◆ **Exercise details**
Could you return only the lines that run from the line with "this 1280×960 image." through the final line of the data, exactly as they stand?

◆ **Provided records**
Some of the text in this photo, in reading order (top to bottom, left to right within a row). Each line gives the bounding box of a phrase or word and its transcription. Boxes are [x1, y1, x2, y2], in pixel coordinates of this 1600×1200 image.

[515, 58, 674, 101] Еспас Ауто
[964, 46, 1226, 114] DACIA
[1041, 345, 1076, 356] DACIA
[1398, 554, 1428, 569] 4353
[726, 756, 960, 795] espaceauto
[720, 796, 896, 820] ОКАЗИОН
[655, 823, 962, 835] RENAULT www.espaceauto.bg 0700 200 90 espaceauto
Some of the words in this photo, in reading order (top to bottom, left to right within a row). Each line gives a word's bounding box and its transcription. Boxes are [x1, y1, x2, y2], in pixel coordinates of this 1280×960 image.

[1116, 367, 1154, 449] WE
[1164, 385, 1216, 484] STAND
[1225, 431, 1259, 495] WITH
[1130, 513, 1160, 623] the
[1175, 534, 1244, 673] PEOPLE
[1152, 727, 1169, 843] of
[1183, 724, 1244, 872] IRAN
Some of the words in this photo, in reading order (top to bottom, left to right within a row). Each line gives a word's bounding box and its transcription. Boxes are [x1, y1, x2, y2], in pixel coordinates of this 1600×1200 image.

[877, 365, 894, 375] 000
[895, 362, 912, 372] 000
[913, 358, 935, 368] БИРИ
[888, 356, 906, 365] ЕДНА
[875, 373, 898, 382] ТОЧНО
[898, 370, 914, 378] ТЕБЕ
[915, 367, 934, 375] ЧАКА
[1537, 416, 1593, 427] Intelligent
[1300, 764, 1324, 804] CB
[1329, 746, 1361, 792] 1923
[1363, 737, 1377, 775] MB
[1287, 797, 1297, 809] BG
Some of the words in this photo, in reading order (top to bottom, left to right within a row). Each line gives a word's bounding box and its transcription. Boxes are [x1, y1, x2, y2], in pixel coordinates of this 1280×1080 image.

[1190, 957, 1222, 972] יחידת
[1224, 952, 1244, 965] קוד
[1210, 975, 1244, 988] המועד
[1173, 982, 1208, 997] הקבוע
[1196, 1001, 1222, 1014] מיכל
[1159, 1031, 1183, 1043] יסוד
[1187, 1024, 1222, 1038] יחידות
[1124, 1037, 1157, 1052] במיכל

◆ **Exercise answer**
Some of the words in this photo, in reading order (top to bottom, left to right within a row). Each line gives a word's bounding box and its transcription. Boxes are [x1, y1, x2, y2], in pixel coordinates of this 1280×960 image.

[1116, 367, 1154, 449] WE
[1164, 385, 1216, 484] STAND
[1225, 431, 1259, 495] WITH
[1130, 513, 1160, 623] the
[1175, 534, 1244, 673] PEOPLE
[1152, 727, 1169, 843] of
[1183, 724, 1244, 872] IRAN
Some of the words in this photo, in reading order (top to bottom, left to right within a row). Each line gives a word's bounding box and its transcription. Boxes are [x1, y1, x2, y2], in pixel coordinates of this 1600×1200 image.

[877, 365, 894, 375] 000
[895, 362, 912, 372] 000
[913, 358, 935, 368] БИРИ
[888, 356, 906, 365] ЕДНА
[875, 373, 898, 382] ТОЧНО
[898, 370, 914, 378] ТЕБЕ
[915, 367, 934, 375] ЧАКА
[1537, 416, 1593, 427] Intelligent
[1300, 764, 1324, 804] CB
[1329, 746, 1361, 792] 1923
[1363, 737, 1377, 775] MB
[1287, 797, 1297, 809] BG
Some of the words in this photo, in reading order (top to bottom, left to right within a row). Each line gives a word's bounding box and its transcription. Boxes are [x1, y1, x2, y2], in pixel coordinates of this 1280×1080 image.

[1190, 957, 1222, 972] יחידת
[1224, 952, 1244, 965] קוד
[1210, 975, 1244, 988] המועד
[1173, 982, 1208, 997] הקבוע
[1196, 1001, 1222, 1014] מיכל
[1159, 1031, 1183, 1043] יסוד
[1187, 1024, 1222, 1038] יחידות
[1124, 1037, 1157, 1052] במיכל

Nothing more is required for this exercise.